AMA to Congress: One Week Left to Act on Medicare Physician Payment
Seniors, military families, baby boomers need a permanent solution to ensure stability of their health care
For immediate release:
Feb. 22, 2010
WASHINGTON, D.C. – Stressing the urgent need for action this week on Medicare physician payment reform, AMA President J. James Rohack, M.D. writes in a letter today to every member of the U.S. Congress that in one week “a 21 percent payment cut takes effect, yet the pathway for addressing the underlying problem remains a mystery.”
“Kicking the can down the road with yet another short-term action magnifies the problem and makes it very difficult for physicians to continue caring for seniors and military families,” writes Dr. Rohack as he recognizes the fiscal challenges facing our nation, while pointing out that short-term action increases the cost of reform and the size of the cut.
“We cannot support congressional efforts that will further undermine the stability of the Medicare program and access to care for our nation’s elderly, disabled and military families,” writes Dr. Rohack as he calls on Congress to “stop this growing threat to the Medicare and TRICARE programs.”
Full Text of the Letter to all Members of Congress from AMA President J. James Rohack, M.D.:
Dear Senator and Representative:
On behalf of the physician and medical student members of the American Medical Association, I am writing to stress the urgency of addressing the flawed Medicare physician payment system and to call on Congress to take prompt action on a permanent solution to a problem that annually threatens the foundation of the American health care system.
Only a week remains before the most recent short-term Medicare physician payment freeze expires and a 21 percent payment cut takes effect, yet the pathway for addressing the underlying problem remains a mystery. Medicare payment for care provided to our nation’s seniors, and for military families who are covered by TRICARE, has been stagnant for almost a decade. Only in the last year have rates returned to 2001 levels. In the face of the rising cost of caring for Medicare beneficiaries and military families, this situation is untenable for physician practices, the majority of which are small businesses.

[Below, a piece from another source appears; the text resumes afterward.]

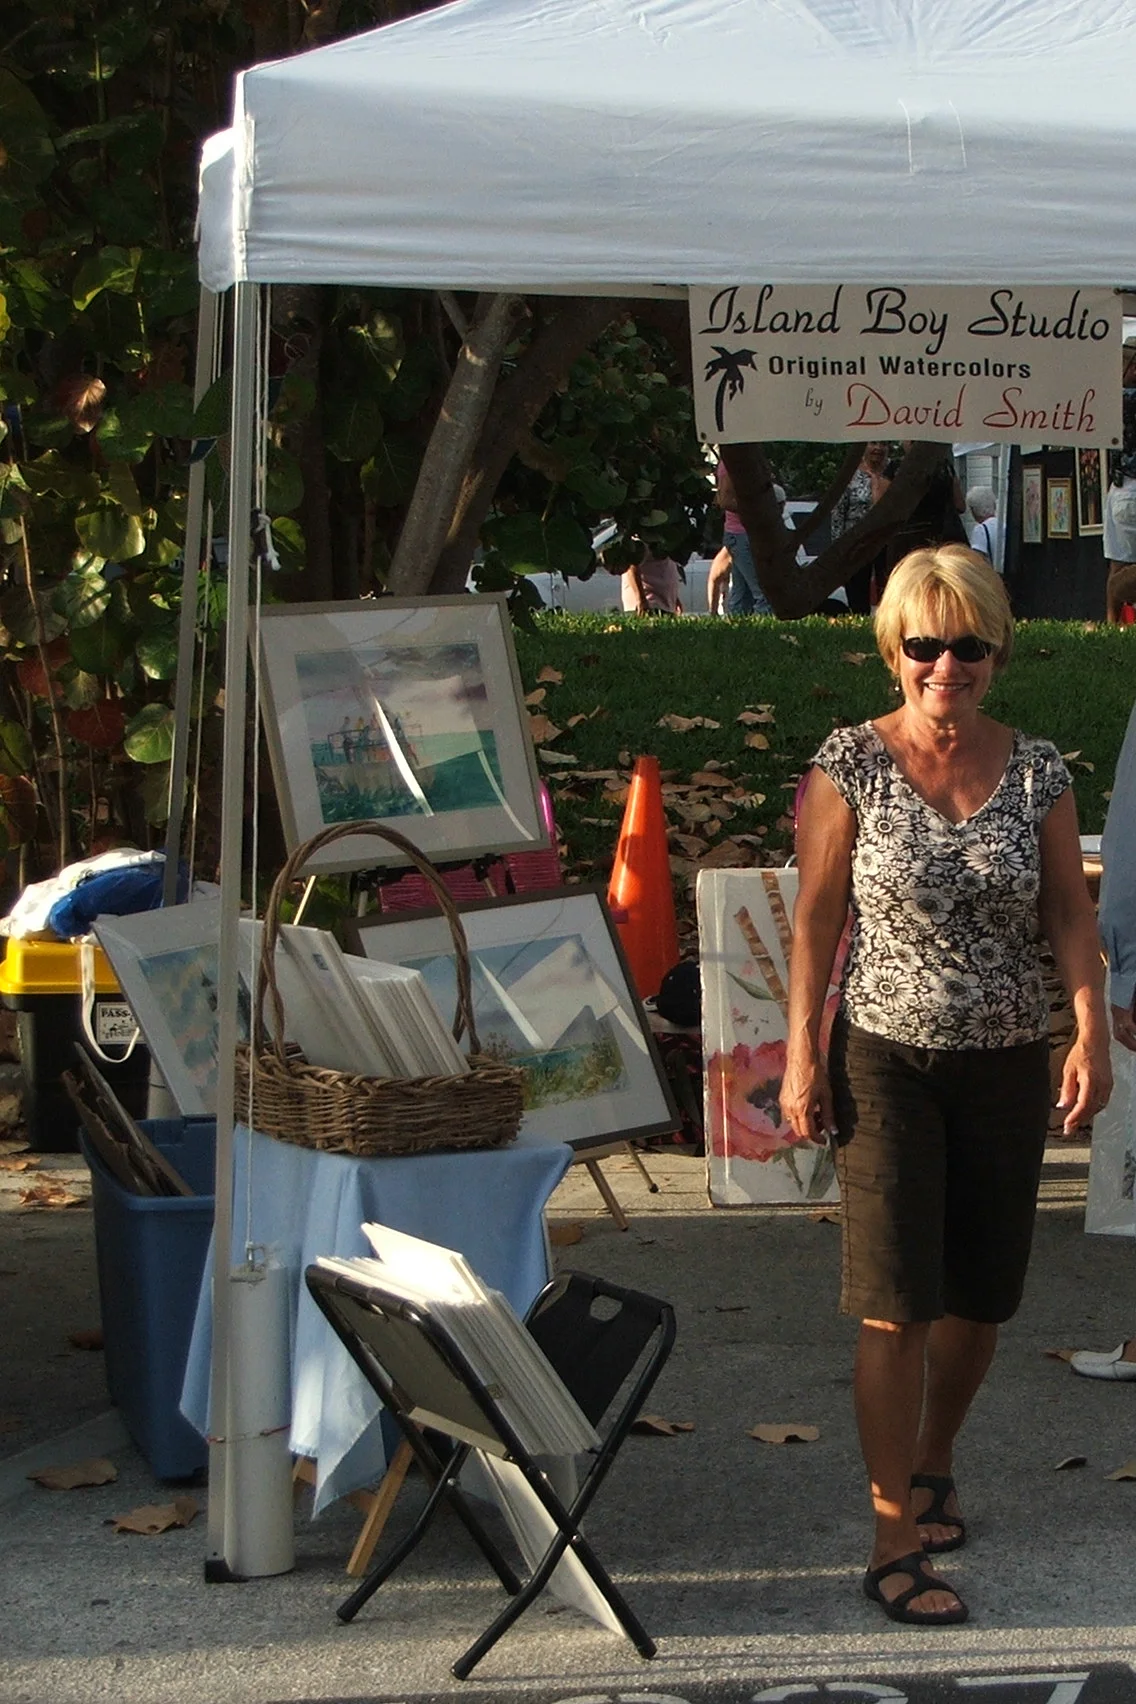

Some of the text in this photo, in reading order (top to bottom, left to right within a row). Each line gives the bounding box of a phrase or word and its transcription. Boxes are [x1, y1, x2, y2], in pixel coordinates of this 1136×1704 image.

[698, 284, 1110, 356] Island Boy Studio
[768, 355, 1032, 379] Original Watercolors
[804, 382, 1097, 433] by David Smith

We understand the tremendous fiscal challenges our nation faces. However, Congress must step back and recognize that the enormous deficit in the Medicare physician payment system is one of its own creation. Despite claims that the costs of previous short-term “fixes” were offset, any casual observer knows that to be false. Scheduled cuts were merely delayed, and then further compounded by the continued operation of the sustainable growth rate (SGR) formula. Each year Congress fails to address the underlying cause of the problem, the deficit grows even larger; the cost of future fixes and the size of future cuts explodes. If Congress had fixed this problem in 2005, when physicians faced a cut of about 3.3 percent, the cost of permanent reform would have been $49 billion. Now, Medicare projects a 21 percent cut for this year and the price tag of reform has skyrocketed to $210 billion.
Kicking the can down the road with yet another short-term action magnifies the problem and makes it very difficult for physicians to continue caring for seniors and military families. Medicare beneficiaries and their physicians deserve better treatment than having to worry if this is the year or the month or the week that Congressional inaction will allow the Medicare physician payment system to collapse. It is absolutely critical that Congress address this challenge now, and that the problem be resolved permanently.
We cannot support congressional efforts that will further undermine the stability of the Medicare program and access to care for our nation’s elderly, disabled, and military families. The gap between adequate payment rates and cuts called for by the SGR simply cannot be allowed to continue expanding. Continuation of recent Congressional responses to this problem will dramatically limit the ability of physicians to see new Medicare and TRICARE patients, and make it more difficult for them to continue caring for established patients who are covered by these programs. Care for those patients who have served our nation so well will shift to a more costly site, our nation’s emergency rooms, driving Medicare Part A to fiscal insolvency sooner. Does Congress intend for Medicare and TRICARE to suffer the same fate as the Medicaid program, where choice of physician and access is severely limited because payment levels fail to cover costs of providing the care that patients need?
It is time for Congress to finally stop this growing threat to the Medicare and TRICARE programs and move immediately to repeal the Medicare SGR formula, replacing it with a system that ensures payments keep pace with the rising costs of the care received by Medicare beneficiaries and military families.